The talk will give an introduction into previous efforts to create a multi-parallel corpus
database for storing, combining and querying several layers of annotations and alignments in
order to empirically answer linguistic questions.
Emphasis will be put to the cleaning and turn-alignment of the Europarl Corpus
that is core to our database.
Laura holds a diploma in computer software and a master in information technologies,
both from Universitat Politècnica de Catalunya (Barcelona). She has specialized in
Natural Language Processing, Software Engineering and Information Systems. Currently she
is pursuing her PhD in machine translation (at cl@UZH).
She will present her work concerning the consistent translation of German compound coreferences
based on using two in-domain phrase-based SMT systems. In contrast to most
Statistical Machine Translation (SMT) systems, which do translate at the sentence level
leading to translation inconsistencies across the document, she presents a method
to enforce consistency across the whole document. Her experimental results demonstrate
that the correctness and consistency of compound coreferences can be improved.
Tobias holds a master in computer science from the University of Zurich and
a PhD in computer sciences from the Institute of Computational Linguistics of the University of Zurich.
Afterwards he engaged in a number of PostDoc endeavours at the University of Chile, of Zurich, of Malta,
of Helsinki, of Yale (Prof. Krauthammer), at the SIB, and now the EHT Zuerich (Chari of Sociology).
His research projects are concerned with computational linguistics, bioinformatics, simulation,
semantic web, social systems, controlled natural languages, and artificial intelligence.
This talk is about the automatic extraction of scientific concepts, i.e. memes, from large corpora of
scientific literature. This work shows that citation networks can provide powerful clues for interpreting large
quantities of scientific texts, in particular for observing trends, tracking ideas, and detecting research fields.

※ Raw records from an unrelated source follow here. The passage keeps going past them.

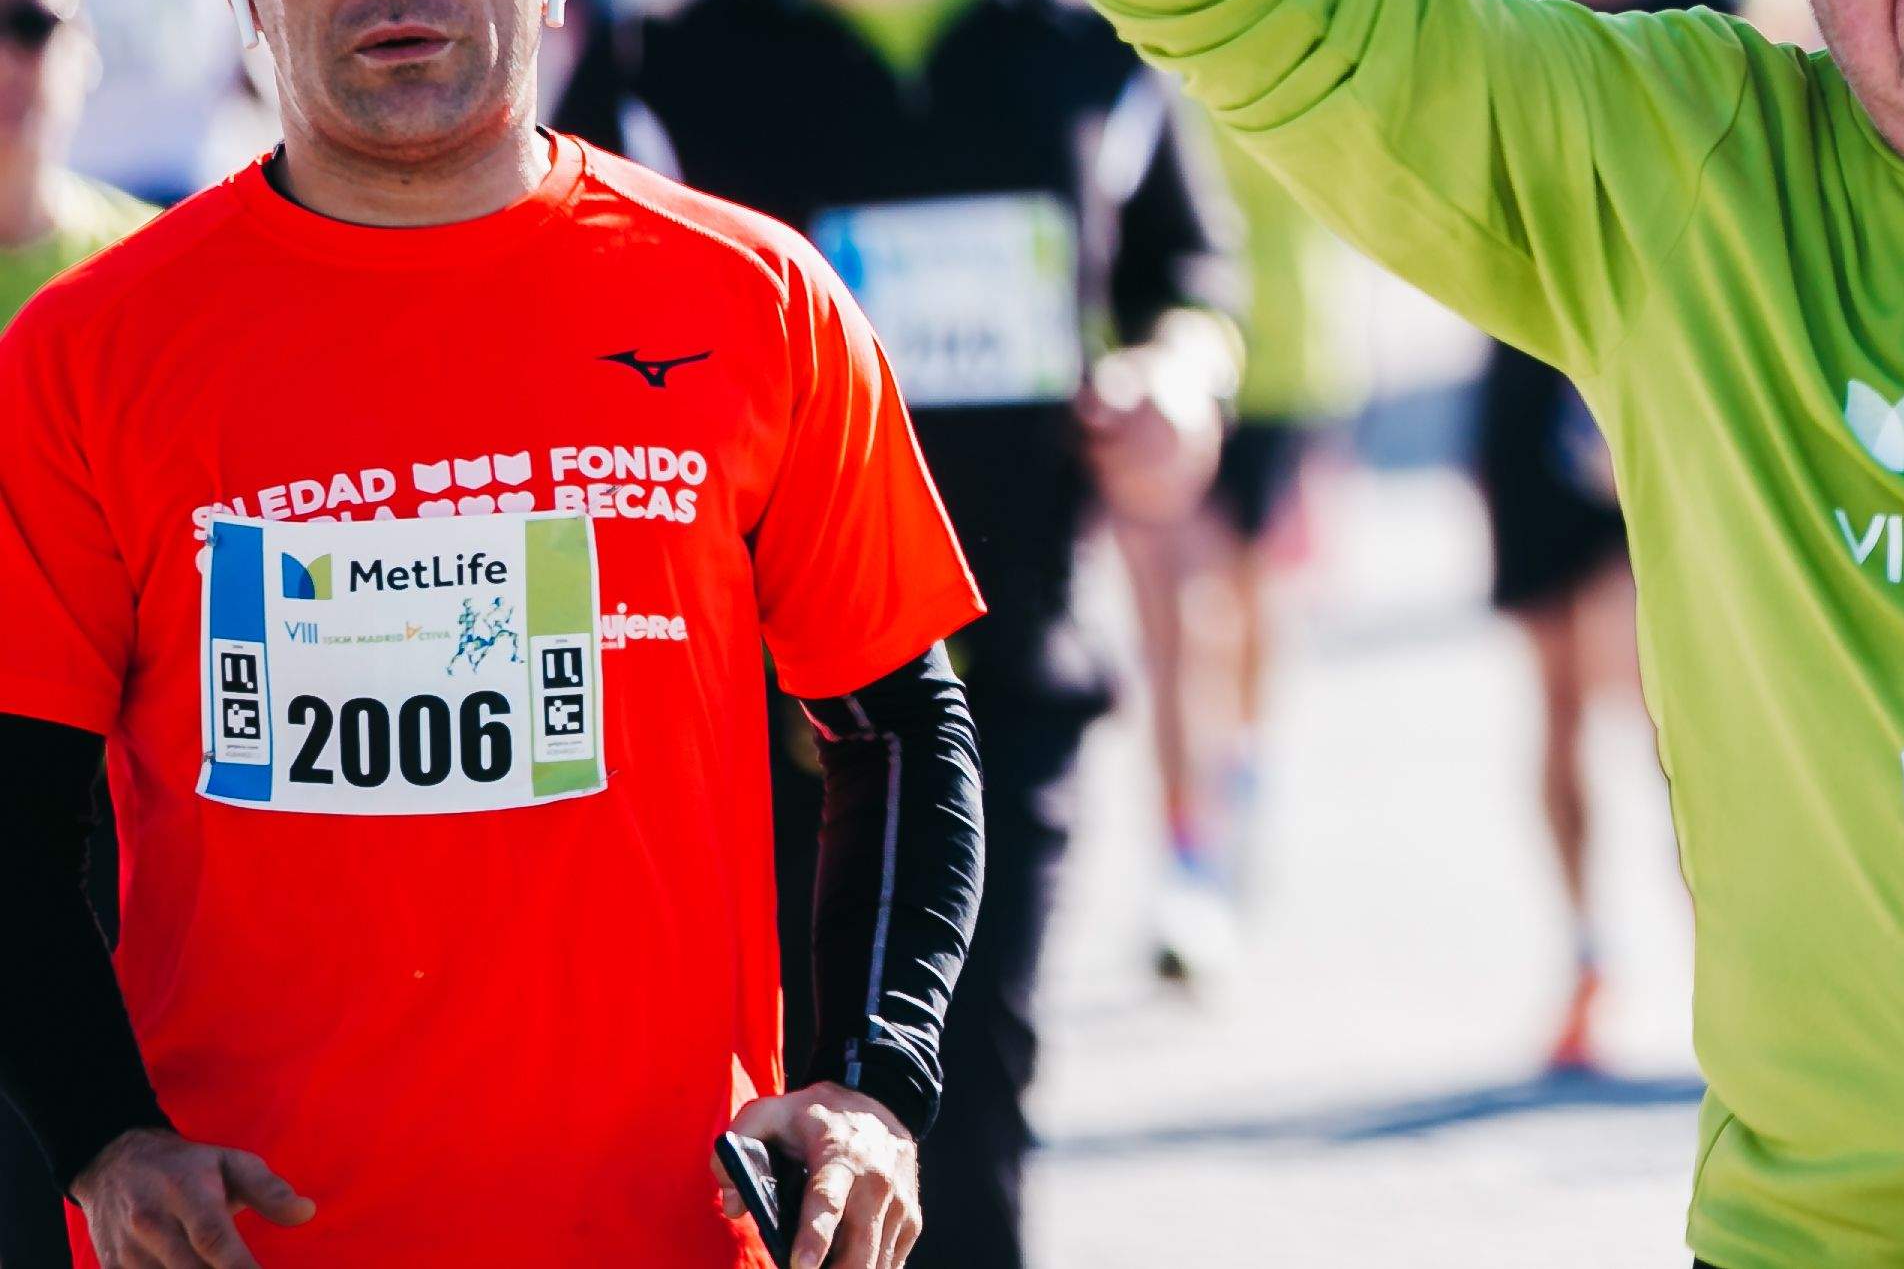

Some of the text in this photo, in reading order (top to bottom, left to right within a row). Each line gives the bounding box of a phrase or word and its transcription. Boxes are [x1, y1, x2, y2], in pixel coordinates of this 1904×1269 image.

[550, 445, 708, 486] FONDO
[554, 482, 698, 524] BECAS
[349, 552, 508, 592] MetLife
[284, 620, 319, 645] VIII
[288, 690, 513, 788] 2006

Our technique has the potential to improve existing approaches on terminology extraction, named-entity extraction,
topic modeling, and keyphrase extraction, but it also has a remarkable performance on its own.
We validated our simple meme formula with data from close to 50 million publication records from the Web of Science,
PubMed Central, and the American Physical Society. Evaluations relying on human annotators, network randomizations,
and comparisons with several alternative approaches confirm that our technique is accurate and effective, even without
including linguistic or ontological knowledge and without the application of arbitrary thresholds or filters.